Installations qualifiées de capture du dioxyde de carbone
La loi autorise les entités et organismes gouvernementaux à émettre des obligations privées admissibles afin de financer des installations admissibles de capture du dioxyde de carbone. La technologie de capture du carbone élimine le dioxyde de carbone des flux d'émissions des centrales électriques ou des installations industrielles, réduisant ainsi les émissions des industries à forte intensité énergétique. La loi fournit des définitions techniques des termes suivants : installation admissible de capture du dioxyde de carbone ; composante admissible ; et installation industrielle de dioxyde de carbone.
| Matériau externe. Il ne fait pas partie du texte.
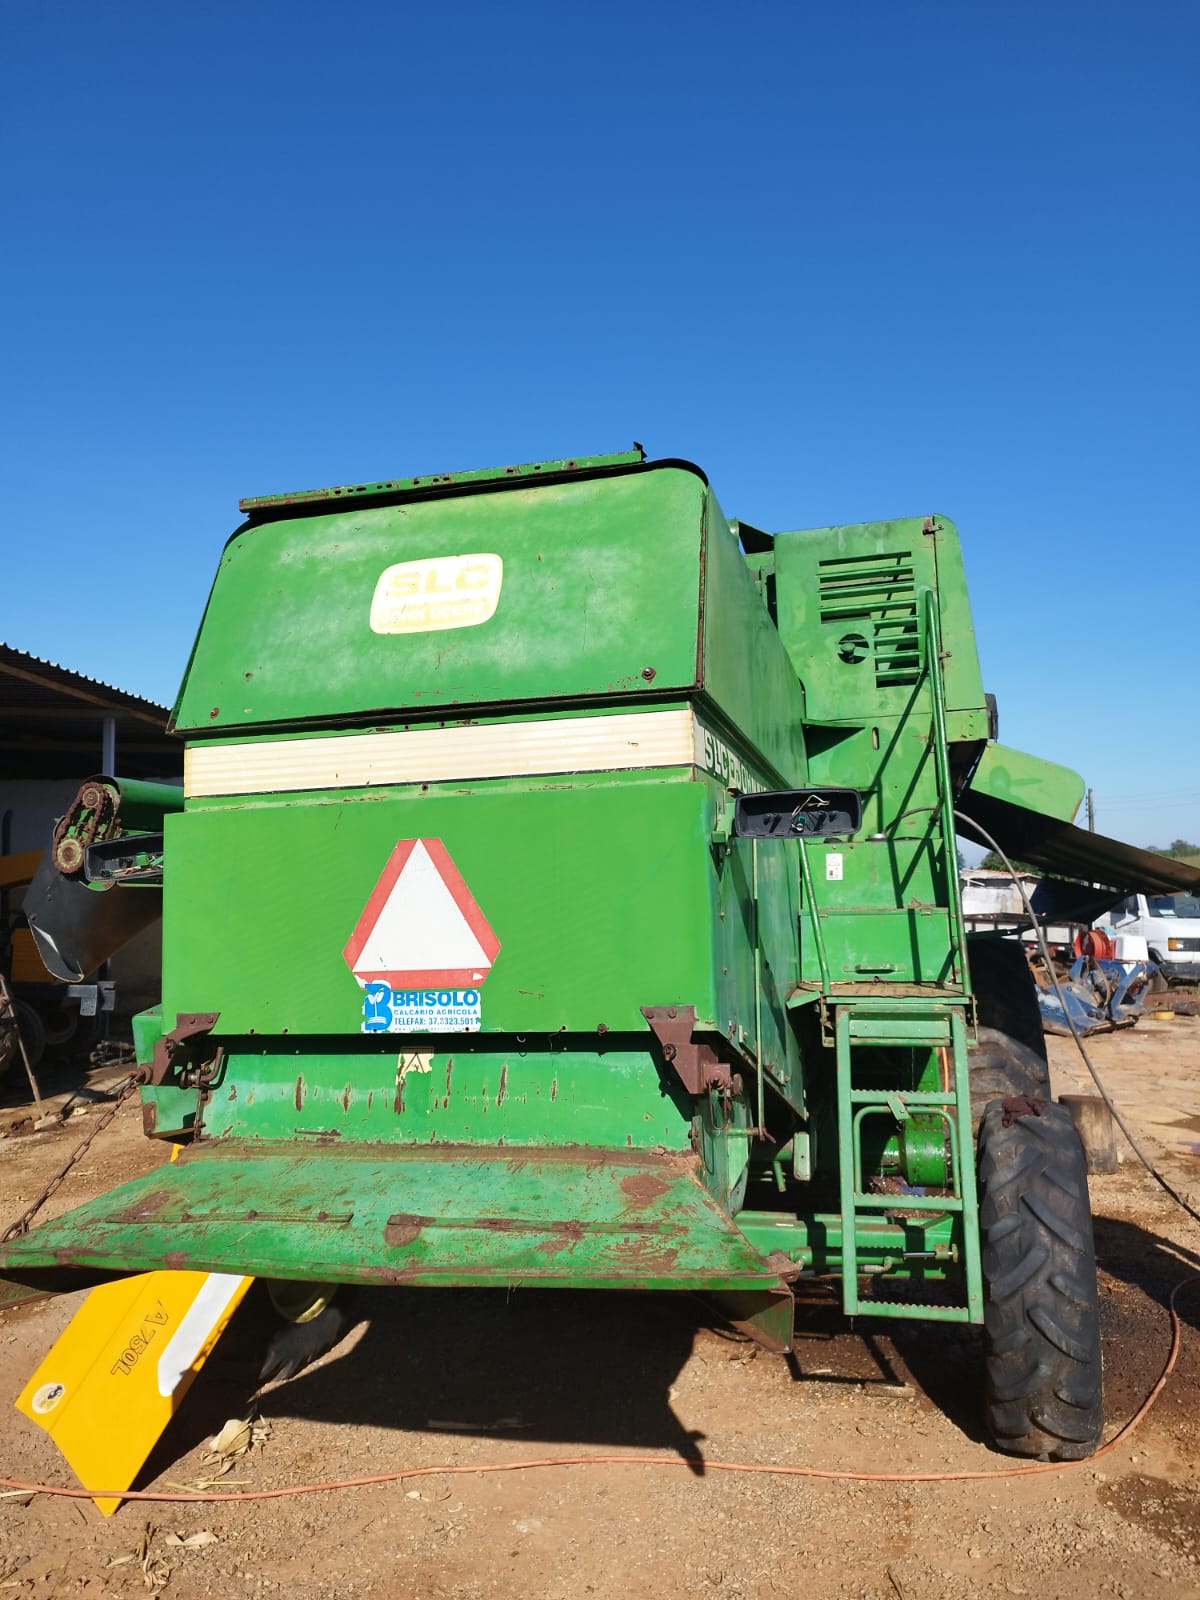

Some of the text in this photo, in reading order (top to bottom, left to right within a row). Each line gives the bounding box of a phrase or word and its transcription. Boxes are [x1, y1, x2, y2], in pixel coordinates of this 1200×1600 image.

- Le terme « installation qualifiée de capture du dioxyde de carbone » désigne :
- Les composants éligibles d'une installation industrielle de dioxyde de carbone ; et
- Une installation de capture directe de l'air.
- Le terme « composant éligible » désigne tout équipement installé dans une installation industrielle de dioxyde de carbone qui satisfait au pourcentage de capture et de stockage (tel que décrit ci-dessous) et qui est :
- Utilisé à des fins de capture, de traitement et de purification, de compression, de transport ou de stockage sur site du dioxyde de carbone produit par l'installation industrielle de dioxyde de carbone ; ou
- Intégral ou fonctionnellement lié et subordonné à un processus qui transforme un produit solide ou liquide issu du charbon, des résidus pétroliers, de la biomasse ou d'autres matériaux récupérés pour leur valeur énergétique ou leur valeur en tant que matière première en un gaz de synthèse composé principalement de dioxyde de carbone et d'hydrogène destiné à être utilisé directement ou à subir une conversion chimique ou physique ultérieure.
- Une « installation industrielle émettrice de dioxyde de carbone » est une installation qui émet du dioxyde de carbone (y compris à partir de toute source d'émissions fugitives) résultant de l'un des nombreux processus suivants.
- Le terme « installation de capture directe de l'air » est défini à la section 45Q(e)(1) du Code et désigne toute installation qui utilise un équipement de capture du carbone pour capturer le dioxyde de carbone directement dans l'air ambiant.
Il convient de noter qu'une installation industrielle de dioxyde de carbone ne comprend aucune installation géologique de gaz ni aucune unité de séparation qui :
- Ne peut être considéré comme un équipement de gazéification ; ou
- N'est pas un composant nécessaire au processus de combustion oxycombustible.
Les composants éligibles d'une installation industrielle de dioxyde de carbone doivent avoir un pourcentage d'efficacité de capture et de stockage égal ou supérieur à 65 %. Dans le cas d'une installation industrielle de dioxyde de carbone conçue avec un pourcentage d'efficacité de capture et de stockage inférieur à 65 %, le pourcentage du coût des composants éligibles installés dans cette installation ne peut être supérieur au pourcentage d'efficacité de capture et de stockage.
Pour les projets privés uniquement, les obligations sont soumises à un plafond de volume fixé par l'État, bien que le montant du plafond de volume requis ne représente que 25 % de la valeur nominale des obligations émises en vertu de la loi.
Installations qualifiées pour le transfert routier ou terrestre de marchandises
La loi a augmenté le plafond national actuel pour les obligations privées qui financent les autoroutes ou les installations de transfert de marchandises de surface, le faisant passer de 15 milliards de dollars à 30 milliards de dollars.